Assigned task
The records follow. Copy each one exactly.

Stored records:
^^^^^^^^^^^^^^^^

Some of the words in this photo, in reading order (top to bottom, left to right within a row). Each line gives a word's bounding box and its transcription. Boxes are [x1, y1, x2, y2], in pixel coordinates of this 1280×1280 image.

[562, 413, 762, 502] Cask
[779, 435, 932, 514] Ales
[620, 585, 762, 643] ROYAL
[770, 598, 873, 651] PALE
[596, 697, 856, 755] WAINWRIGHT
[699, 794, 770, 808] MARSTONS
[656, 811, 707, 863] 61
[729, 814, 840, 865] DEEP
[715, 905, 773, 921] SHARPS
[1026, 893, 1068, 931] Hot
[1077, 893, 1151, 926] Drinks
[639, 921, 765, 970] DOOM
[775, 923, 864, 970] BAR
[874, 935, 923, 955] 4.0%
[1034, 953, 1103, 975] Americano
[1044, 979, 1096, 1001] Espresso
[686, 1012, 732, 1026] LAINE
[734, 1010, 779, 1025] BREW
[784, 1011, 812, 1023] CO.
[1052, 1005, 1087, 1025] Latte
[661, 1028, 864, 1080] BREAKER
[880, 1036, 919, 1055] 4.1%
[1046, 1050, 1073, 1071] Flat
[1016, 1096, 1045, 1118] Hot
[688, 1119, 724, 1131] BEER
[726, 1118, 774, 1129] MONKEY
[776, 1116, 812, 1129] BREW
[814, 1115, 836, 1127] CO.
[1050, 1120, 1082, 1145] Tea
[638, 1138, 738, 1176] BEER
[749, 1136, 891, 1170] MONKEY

^^^^^^^^^^^^^^^^

Finished exercise
Some of the words in this photo, in reading order (top to bottom, left to right within a row). Each line gives a word's bounding box and its transcription. Boxes are [x1, y1, x2, y2], in pixel coordinates of this 1280×1280 image.

[562, 413, 762, 502] Cask
[779, 435, 932, 514] Ales
[620, 585, 762, 643] ROYAL
[770, 598, 873, 651] PALE
[596, 697, 856, 755] WAINWRIGHT
[699, 794, 770, 808] MARSTONS
[656, 811, 707, 863] 61
[729, 814, 840, 865] DEEP
[715, 905, 773, 921] SHARPS
[1026, 893, 1068, 931] Hot
[1077, 893, 1151, 926] Drinks
[639, 921, 765, 970] DOOM
[775, 923, 864, 970] BAR
[874, 935, 923, 955] 4.0%
[1034, 953, 1103, 975] Americano
[1044, 979, 1096, 1001] Espresso
[686, 1012, 732, 1026] LAINE
[734, 1010, 779, 1025] BREW
[784, 1011, 812, 1023] CO.
[1052, 1005, 1087, 1025] Latte
[661, 1028, 864, 1080] BREAKER
[880, 1036, 919, 1055] 4.1%
[1046, 1050, 1073, 1071] Flat
[1016, 1096, 1045, 1118] Hot
[688, 1119, 724, 1131] BEER
[726, 1118, 774, 1129] MONKEY
[776, 1116, 812, 1129] BREW
[814, 1115, 836, 1127] CO.
[1050, 1120, 1082, 1145] Tea
[638, 1138, 738, 1176] BEER
[749, 1136, 891, 1170] MONKEY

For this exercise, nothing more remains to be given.